Good info, most of my winter spots are pretty far north, but I certainly appreciate the tips! would love to find some spots in Escambia bay tho, that's closer to me anyway. I guess I'll have to get out there and start lookin:notworthy:


----------



## Redalert08 (May 30, 2011)

North is good, i have a few big boy spots that will heat up in the dead of winter! work east to west sun to your back you can usally find spot better when the sun is at its highest! Good luck and maybe i will see you on the water!


----------



## chaps (Aug 31, 2009)

Awesome catches!!!!!!


----------



## dthomas142 (Jul 18, 2011)

Aight, will do! I fish most sat mornings till around 11, well have to fish sometime if your available


----------



## Foulhook (Apr 26, 2010)

Awesome catches. Better be careful about the guarantee - some of us aren't very good fishermen regardless of the lure we use.


----------



## GrayMan (Mar 17, 2011)

now THATS a slam to be proud of, especially that flounder, what a pig!


----------



## Jeff Russell (Jun 16, 2008)

Nice fish bro! Is your phone broke or something? 

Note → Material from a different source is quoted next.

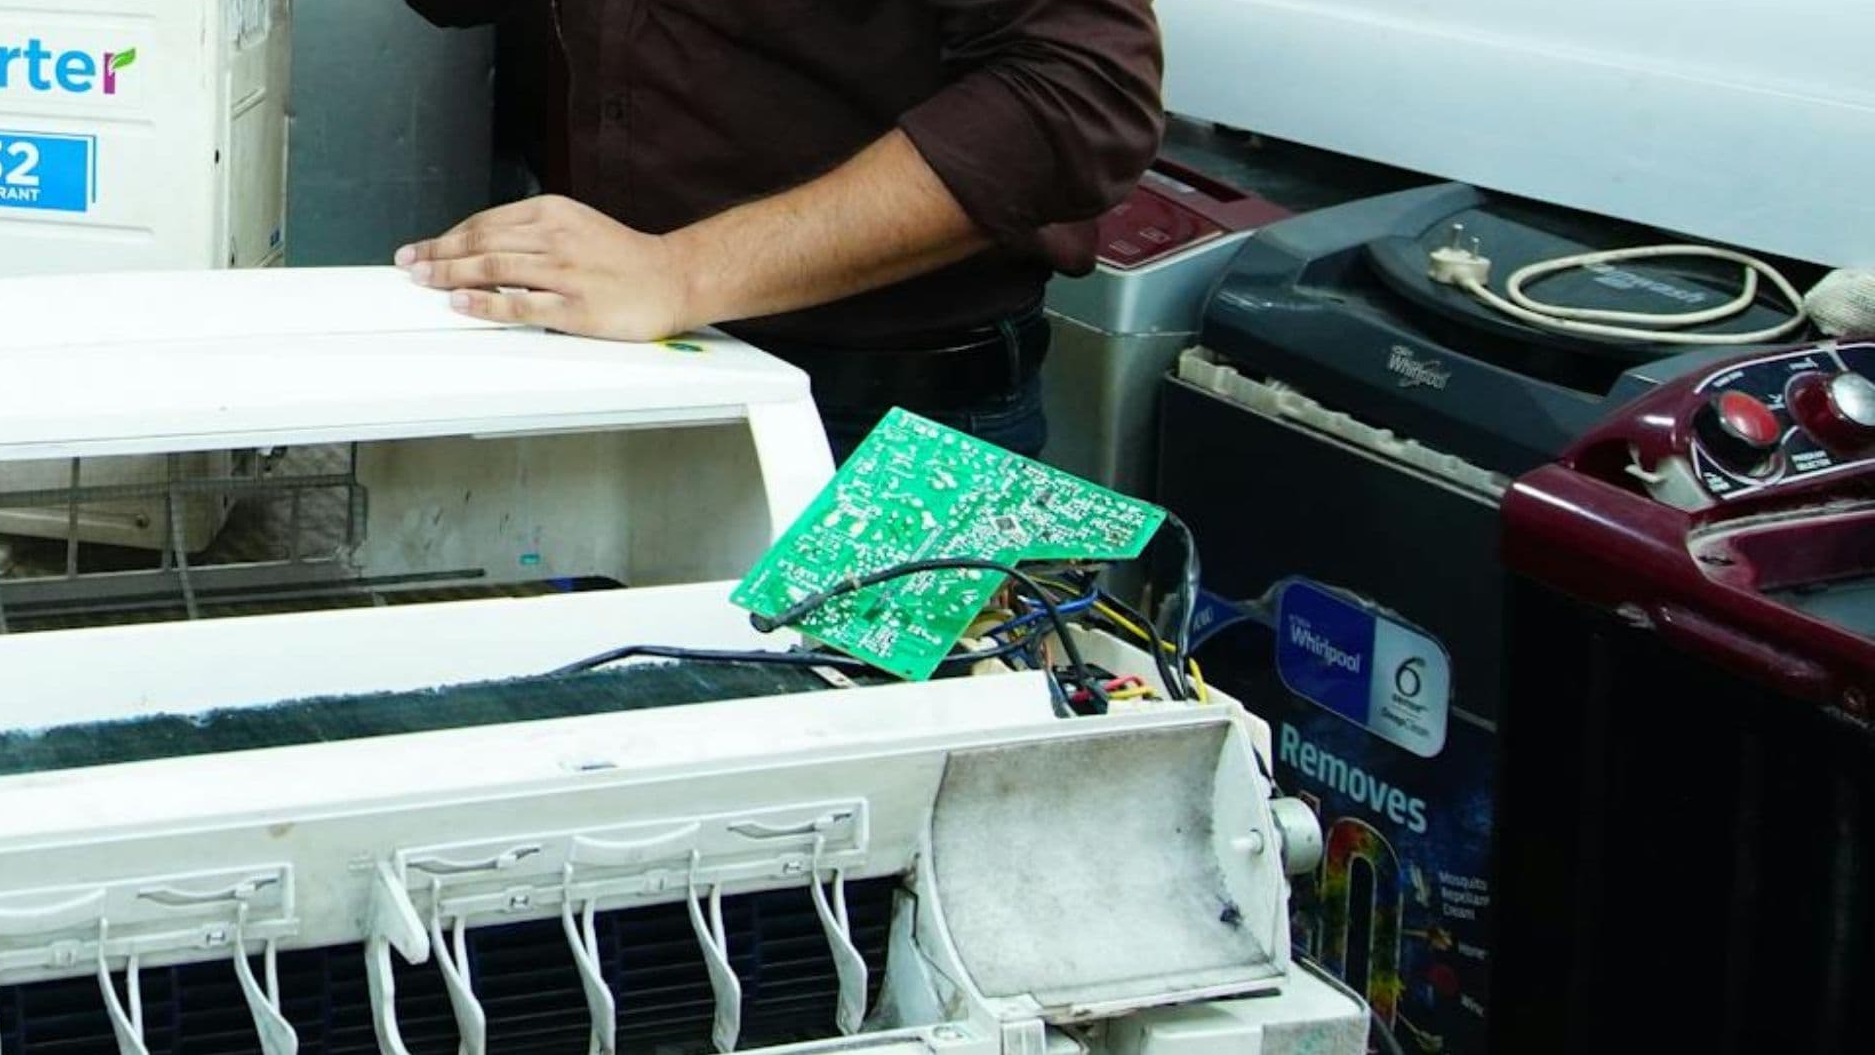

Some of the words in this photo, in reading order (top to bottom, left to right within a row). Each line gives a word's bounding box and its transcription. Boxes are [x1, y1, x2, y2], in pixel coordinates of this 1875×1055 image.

[1388, 352, 1450, 391] Whirlpool
[1289, 623, 1361, 674] Whirlpool
[1279, 721, 1429, 834] Removes

Are there any of these out there for me to catch?


----------



## Redalert08 (May 30, 2011)

Yeah my phone went swimming due to a crazy redfish and yeah they were stacked up pretty good the other day. I dought i will fished 5 days strait lol fished my whole vacation, but the bigger fishys are showing up in groves so its just getting good!


----------



## JonnyT (Dec 2, 2007)

Got a call from a friend the other day - he said he hooked a trout on almost every single cast in Bayou Grande just inside the mouth (in a kayak) and everywhere north of the boat launch/bridge. No big fish, 12-18", but said he basically got bored with it after a few hours and called it a good day. Caught them on flies, mirrolures, topwaters, trolling yozuris.... basically it was a rare event. Fished from noon til 5 or so. Had one huge blowup on a topwater that didn't connect. He released them all. No redfish caught.


----------